Three main clades of phytoplankton, dinoflagellates, diatoms, and coccolithophores dominated
these environments throughout the Cenozoic. Each of these groups has distinct preferences for
nutrients and water column stability, an ecological framework referred to as Margalef's Mandala
(Margalef, 1978).
Changes in phytoplankton species distributions and in group rank abundances can affect
the movement of carbon through the ocean and disrupt food webs at higher trophic levels.
Diatoms and coccolithophores enhance carbon flux to the deep sea by ballasting organic matter
with mineral tests (Honjo, 1976), but the rates of this flux are size- and species-dependent (Ziveri
et al. 2007). In particular, coccolithophores are more efficient at ballasting (Thunell et al., 2007)
and provide a significant flux of inorganic carbon to the deep sea via calcification (Ridgewell,
2005).

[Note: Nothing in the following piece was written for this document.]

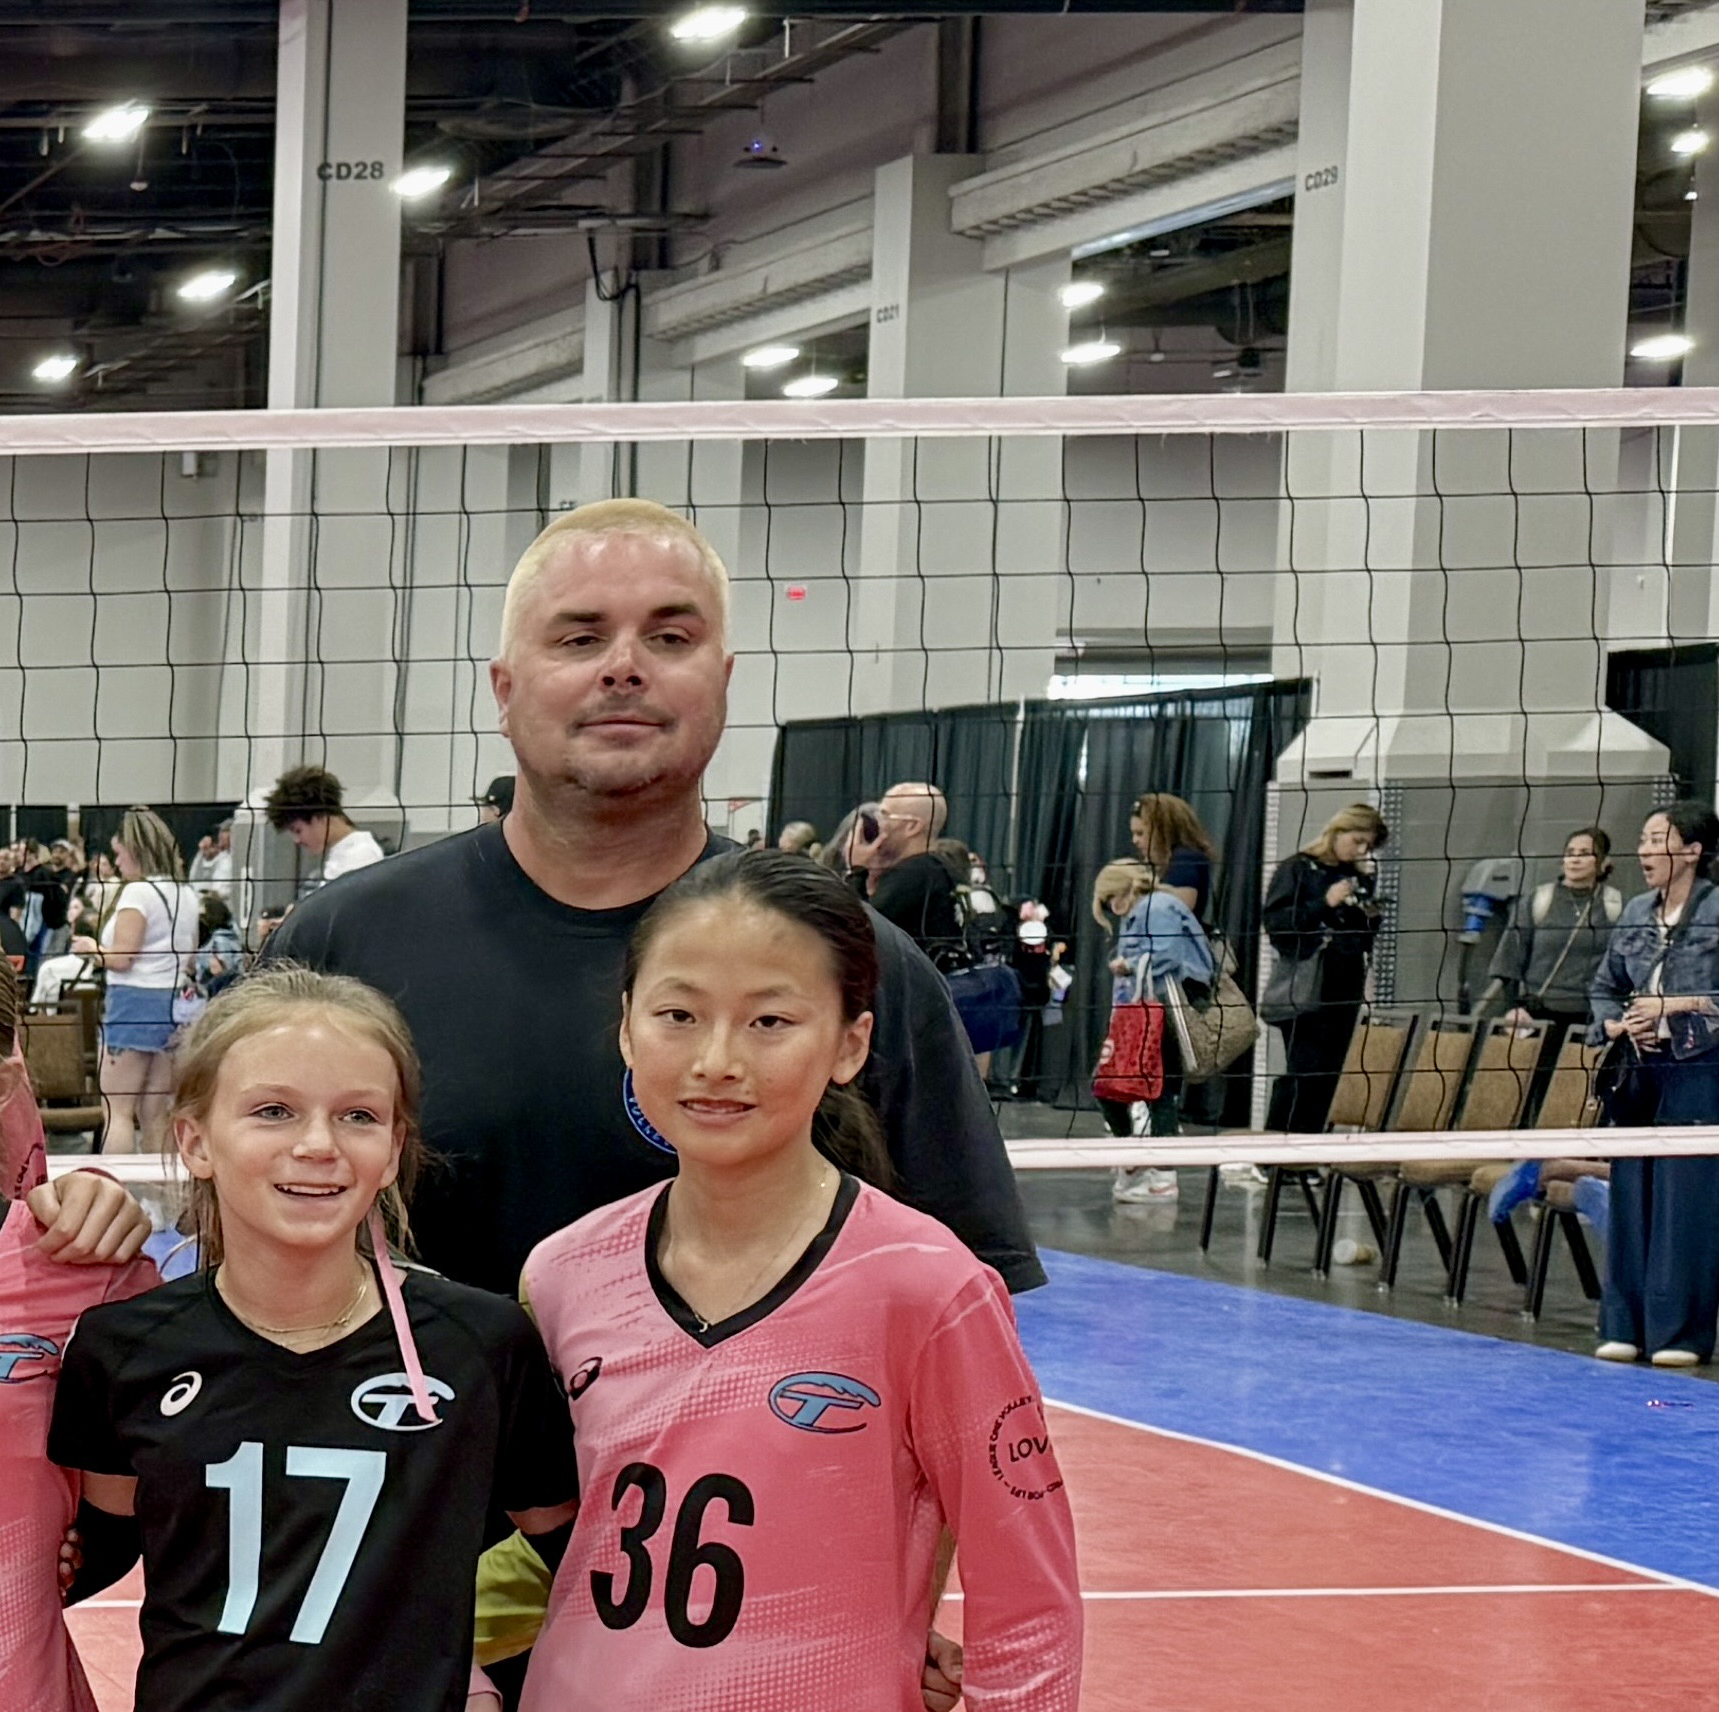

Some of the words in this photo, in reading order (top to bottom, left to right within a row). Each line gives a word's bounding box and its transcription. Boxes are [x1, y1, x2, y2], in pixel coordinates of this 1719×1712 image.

[316, 161, 384, 180] CD28
[1305, 165, 1338, 191] CD29
[205, 1441, 387, 1645] 17
[589, 1461, 755, 1649] 36

Harmful Algal Blooms (HAB), monospecific assemblages of toxin-producing diatoms
and dinoflagellates, can kill fish and marine mammals, posing economic threats (Hoagland and
Scatasta, 2006) and additional burdens for the conservation of threatened and endangered species
(Fire and Van Dolah, 2012).
Our rapidly warming modern climate is likely to substantially change the geographic
distribution of many phytoplankton, including HAB species (Hallegraeff, 2010; Kordas et al.,
2
2011). However, disentangling the influence of climate and anthropogenic nutrient inputs
presents a challenge. Additionally, it is not clear how coccolithophores, which are mostly
insensitive to temperature (Hagino et al., 2000) and cosmopolitan in their distribution (Okada
and Honjo, 1973), will respond to climate change. In this study, we seek to understand
oceanographic and climate mechanisms driving the distribution of greater phytoplankton groups
and species distribution of coccolithophores during a warming climate.

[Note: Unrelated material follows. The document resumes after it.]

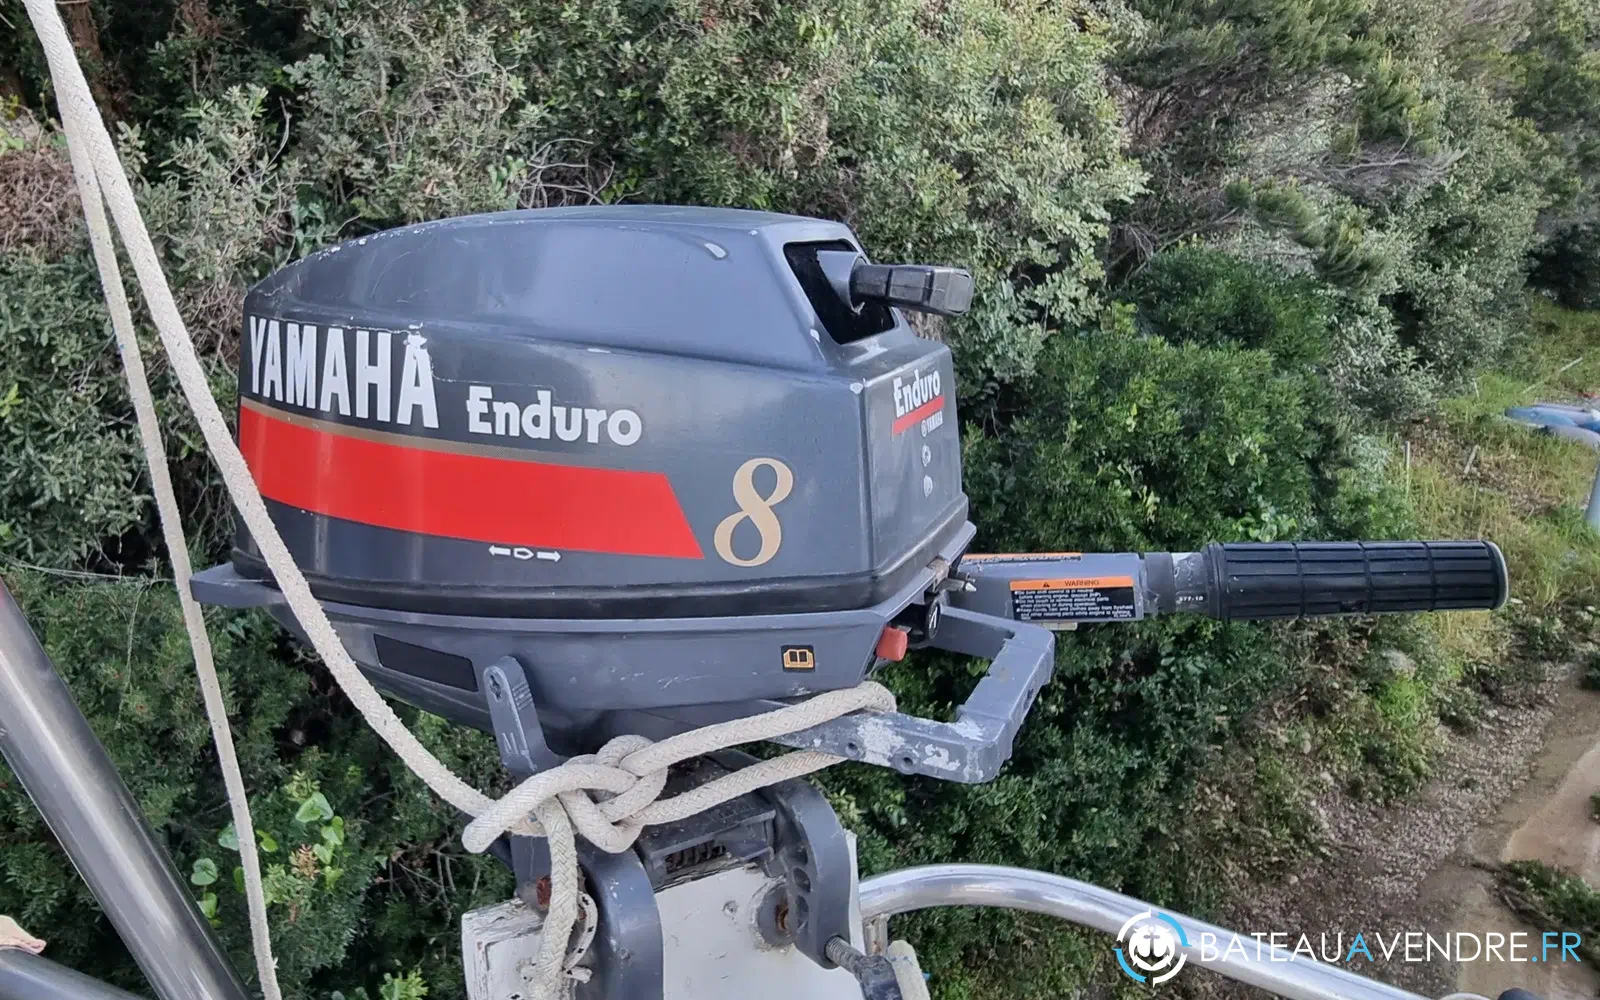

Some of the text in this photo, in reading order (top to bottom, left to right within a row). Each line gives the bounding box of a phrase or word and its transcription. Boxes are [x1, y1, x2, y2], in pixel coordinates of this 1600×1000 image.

[249, 315, 643, 446] YAMAHA Enduro
[893, 369, 941, 418] Enduro
[714, 457, 794, 567] 8

These predictive challenges can be mitigated by studying the middle Pleistocene record
of climate-ecosystem interaction, which contains all major species of modern coccolithophores.
The glacial cycle from marine isotope stage 9 to stage 7 is of particular interest for biogeographic
studies because it contains the global first occurrence of Emiliania huxleyi (Raffi et al., 2006).
During this time, global temperatures increased by 5°C (Hönisch et al., 2009) and global sea
level rose by 100 m (Dutton et al., 2009; Lea et al., 2002) within 10 kyr. Although the rate of
change is orders of magnitude below the pace of anthropogenic climate change, ecological
changes in high resolution during the relatively swift warming at the onset of the MIS 7
interglacial can provide meaningful context for understanding the future.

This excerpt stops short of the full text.